You quickly grew up healthy and strong - actually became the largest of the litter. You loved the attention in front of the camera, always ready for your beauty to be captured. You would tilt your head and look right through the lens with the sweetest and most curious expression. Always ready to play. 

Your new mommy and daddy were so excited when you were old enough to move out of your nest. I was sad, because I wish I could keep all of you, but I knew you would be in the best hands possible. 

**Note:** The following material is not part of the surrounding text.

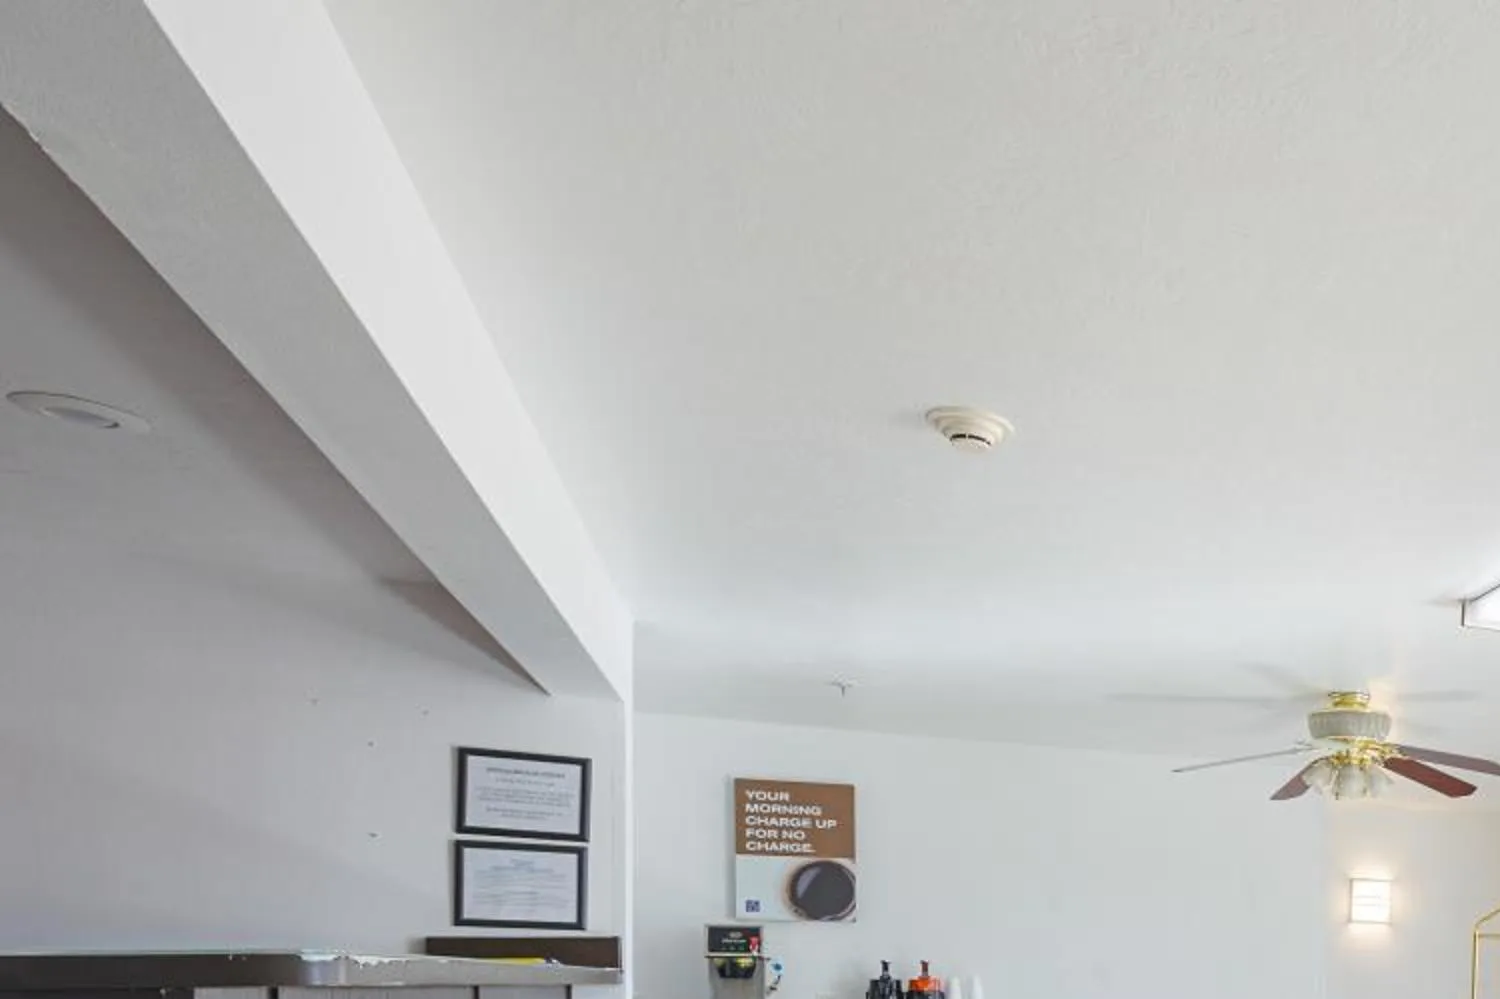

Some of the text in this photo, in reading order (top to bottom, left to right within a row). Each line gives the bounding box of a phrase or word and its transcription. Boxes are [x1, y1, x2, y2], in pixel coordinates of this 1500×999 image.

When we met your new parents, I still remember the heavy humid atmosphere that surrounded the area we met. We were all sweating and you were hot and a bit stressed too.
I remember when I first saw your new mom and dad walk up to us, I was absolutely thrilled for you. You could tell what a loving home and family you would have. Your mom was tear-eyed and completely in love with you already. 
Who would have imagined that some weeks ago we would receive the most heartbreaking news a breeder / parent could receive. News that no one wants to accept as reality. 
We all fought hard for it to be a misdiagnosis, but in all honesty you were once again the strongest fighter - while always remaining the loving self you are.
We laid you to rest today, but this won’t be our last Goodbye. You are free of pain, or any suffering. I know you will be watching over us - especially your wonderful mom and dad. 
How I wish all kittens experience the love and care you experienced. How I wish all kittens had such wonderful and loving home as you did. Your time here was short, but it was full of love - that I am sure about. 
Run free sweet angel, until we all meet again. We are all so proud of you and we love you so so much, Nori. 

Rest In Peace,
MetatronEyes Rhaegar / Nori 

We would like to thank Nori’s owners for being the best loving home anyone could wish for for their kitten. Thank you for calling us that day, thank you for listening to us and for trying to work with us through all of this nightmare for weeks. Thank you for not choosing the easy way out and for not giving up on him. I want you to know how amazing and strong you are. Thank you for being by his side until the end. 

We would also like to thank all our friends and even breeders we didn’t know, for being there for us and Nori, for trying to help, for giving advice and for just being good people with kind hearts.